Il existe par ailleurs d’autres difficultés de nature plus subtile. La société et l’idéologie féodale reflétées dans les textes des troubadours sont très éloignées des paramètres idéologiques, sociaux et culturels qui régissent actuellement le monde occidental, fondamentalement urbain. En d’autres termes, nous pouvons parler d’une distanciation esthético-conceptuelle. Pour nous, qui voyons l’originalité artistique à travers un prisme encore romantique privilégiant l’individualité à outrance et la rupture vis-à-vis du passé, il peut s’avérer difficile d’apprécier une esthétique basée sur la variation et la modulation à partir de thèmes et de structures nécessairement tirés de la tradition.

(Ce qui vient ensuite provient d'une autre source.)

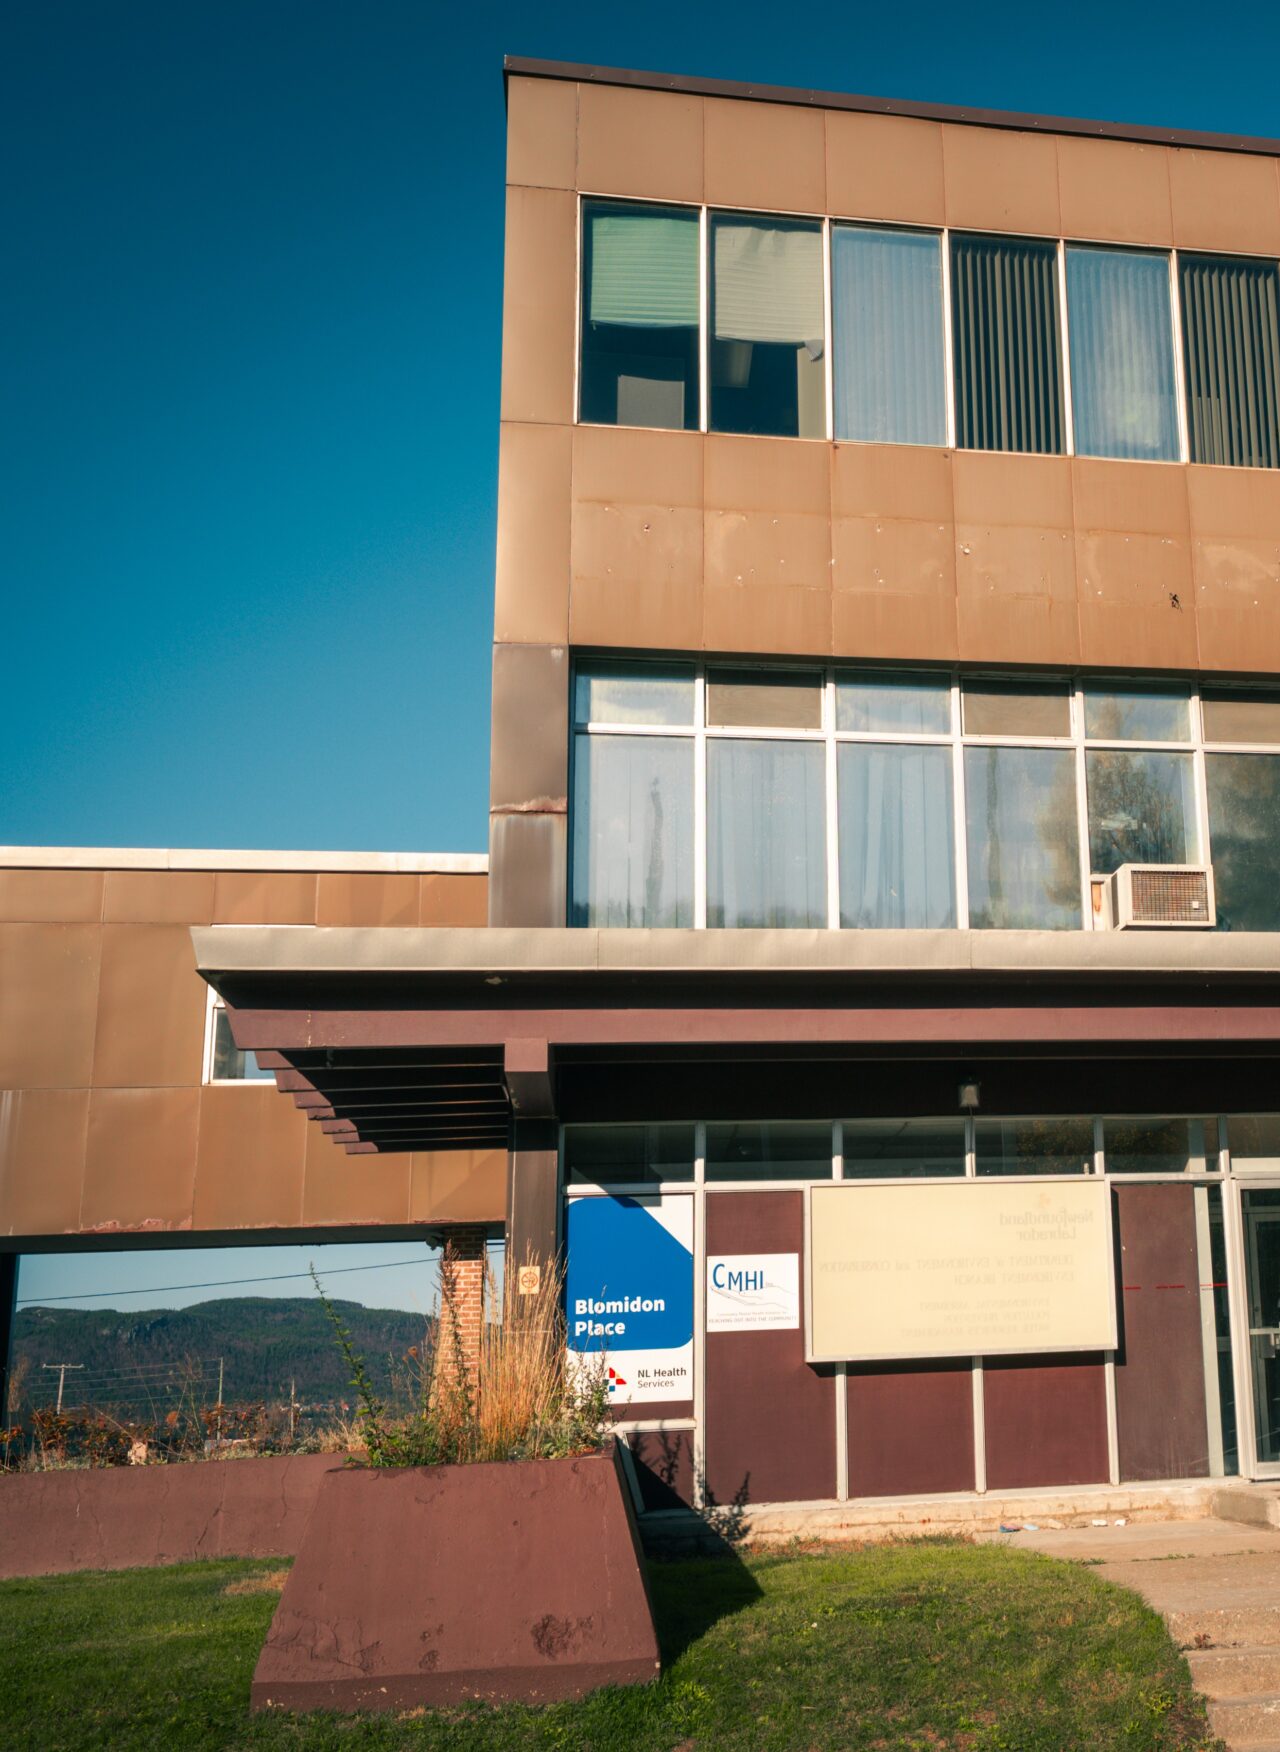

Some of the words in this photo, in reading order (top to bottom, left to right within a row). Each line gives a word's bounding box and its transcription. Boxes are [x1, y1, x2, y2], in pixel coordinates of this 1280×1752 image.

[712, 1263, 764, 1292] CMHI
[575, 1296, 666, 1315] Blomidon
[575, 1319, 626, 1337] Place
[637, 1369, 651, 1379] NL
[653, 1367, 687, 1378] Health
[637, 1379, 675, 1389] Services

Habitués que nous sommes à la succession ou à la cohabitation de plus en plus vertigineuse de mouvements artistiques et de goûts esthétiques, il n’est pas facile pour nous de concevoir qu’une école poétique puisse rester en vigueur pendant plusieurs siècles.

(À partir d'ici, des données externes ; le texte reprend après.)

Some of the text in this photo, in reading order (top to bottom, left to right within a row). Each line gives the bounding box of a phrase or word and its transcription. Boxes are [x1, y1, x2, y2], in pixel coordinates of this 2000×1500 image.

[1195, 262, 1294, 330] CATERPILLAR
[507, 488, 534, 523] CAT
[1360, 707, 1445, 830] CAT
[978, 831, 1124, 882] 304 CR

Il faut également rappeler que les cantigas des troubadours n’étaient pas conçues pour être lues, mais chantées au son d’instruments de musique, devant le public assistant aux représentations. Le spectacle dans lequel étaient interprétées les cantigas profanes était plus proche d’un concert de musique de chambre ou de musique populaire que d’un recueil de poésie destiné à la lecture privée.
 
 
II. Poésie en galicien
 
Dans une perspective contemporaine, il semble logique que, dans les cours royales portugaises d’Alphonse III et de son fils Denis Ier (seconde moitié du XIIIe siècle et premier quart du XIVe siècle), le langage poétique des troubadours fût la langue romane occidentale, née sur territoire de l’ancienne Gallaecia, le galicien, également appelé conventionnellement galaïco-portugais. Or, il est frappant de constater qu’à la même époque, le galicien était la langue poétique des cours de Séville et de Tolède du roi Alphonse X le Sage, le plus grand mécène de l’école des troubadours au moment de son apogée, lui-même poète profane en galicien et promoteur des Cantigas de Santa Maria, également composées dans cette langue.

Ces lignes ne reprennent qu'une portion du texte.